21. Section 18 requires the Board to establish what is called a capital assets account of Alberta, which is to include "an estimated valuation of the economic resources of the Province" as therein defined, and Section 19 requires the Board to establish a consolidated credit adjustment fund to which the Board shall issue credit deposits "in such amounts as may from time to time be required as a reserve for providing an adequate volume of credit deposits to finance the production and distribution. of goods and services within the Province and for maintaining a balance between the aggregate purchasing power of the people of life Province and the estimated collective prices of goods for sale within the Province and for providing for their equitable distribution, having due regard to all the factors involved." There follows Section 90, according to which, the Board is to transfer to the general revenue account of the Province "such amounts of credit deposits and in such manner as may be required" for the payment of social security pensions and other benefits therein set out. Sub-section 2 of Section 20 must be set out verbatim. Its text is as follows: "For the purpose of effectively controlling and regulating the issue and withdrawal of credit deposits within the Province, the Board, with the approval of the Lieutenant- Governor in Council, shall issue to licensed credit institutions Alberta Credit Certificates in such amounts and on such terms as the Board may deem advisable in order to enable such credit institutions to issue credit deposits to customers over and above the deposits against which a reserve of currency is held, and the amount of Alberta Credit Certificates so issued shall be debited to the Consolidated Credit Adjustment Fund." Their Lordships call attention to the phrase, "licensed credit institutions" in this sub-section, as clearly indicating that the enactment purports to confer on a provincial authority power either to grant or to withhold the issue of credit certificates to any chartered bank and thus to restrain any bank from creating an expansion of credit by loans exceeding its reserve of currency.

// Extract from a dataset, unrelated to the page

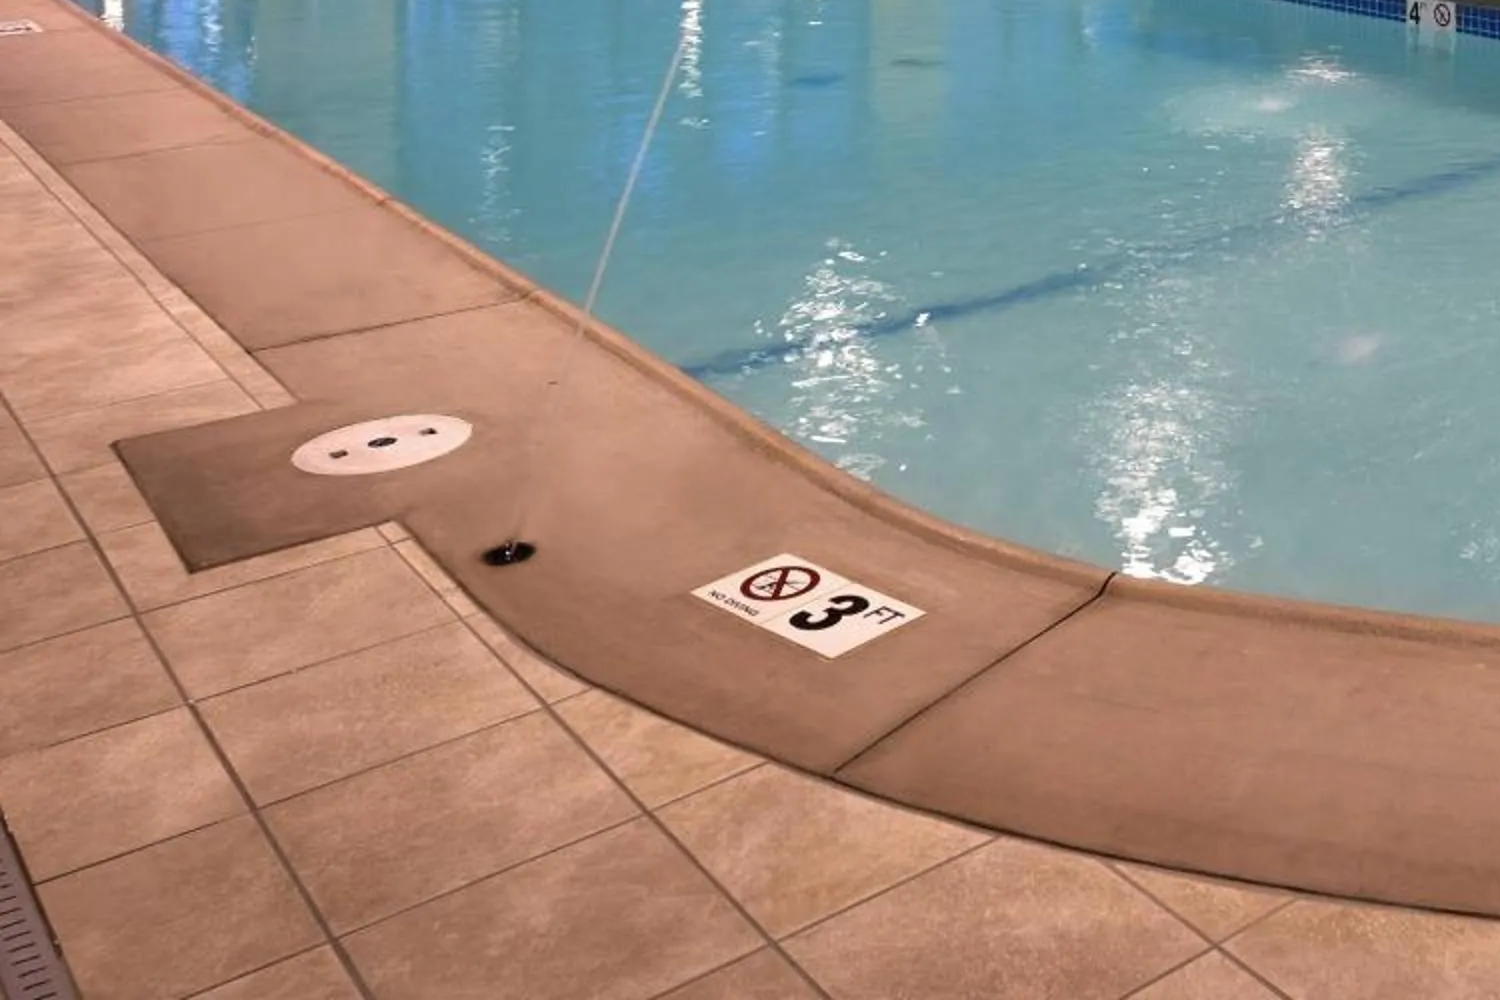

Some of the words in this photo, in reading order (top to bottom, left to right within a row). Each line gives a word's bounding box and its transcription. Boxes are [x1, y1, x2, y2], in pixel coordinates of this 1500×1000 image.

[1410, 1, 1421, 24] 4
[789, 595, 869, 630] 3
[863, 605, 905, 625] FT

22. Section 24 is of special importance, and, indeed, contains the essence of the scheme requiring the deposits of the banks to be backed to the extent; of 100 per cent, by currency or by the proposed credit certificates. The section must be set out in full: 24.--(1.) Every licensed credit institution shall keep and operate the accounts of its customers, and arrange for the transfer of credit deposits from one account to another account in. such manner and by such instruments as the Board may from time to-time direct and the Board and its duly authorized agents shall, at all times have access to the books, records and accounts of such credit institutions, and every member of the Board or its authorized agents having access to such records shall take and be bound by an oath of secrecy properly executed before a person authorized to administer oaths within the Province. (2.) The Board may require every licensed credit institution to hold against all or any credit deposits of customers, not being deposits against which a reserve of currency of an equivalent value is held, Alberta Credit Certificates of an aggregate value not exceeding the aggregate value of such credit deposits. (3.) In the case of any credit institution licensed to operate within the Province, having branches and operating outside the Province, the proportion of its reserves of currency to its total deposits within the Province shall be deemed to be in the same ratio as its total reserves of currency to its total deposits in Canada. (4.) The Board may direct that any balance due by one credit institution to another credit institution on account of any transfers of credit deposits between their respective customers shall be settled by the transfer of Alberta Credit Certificates of a corresponding value."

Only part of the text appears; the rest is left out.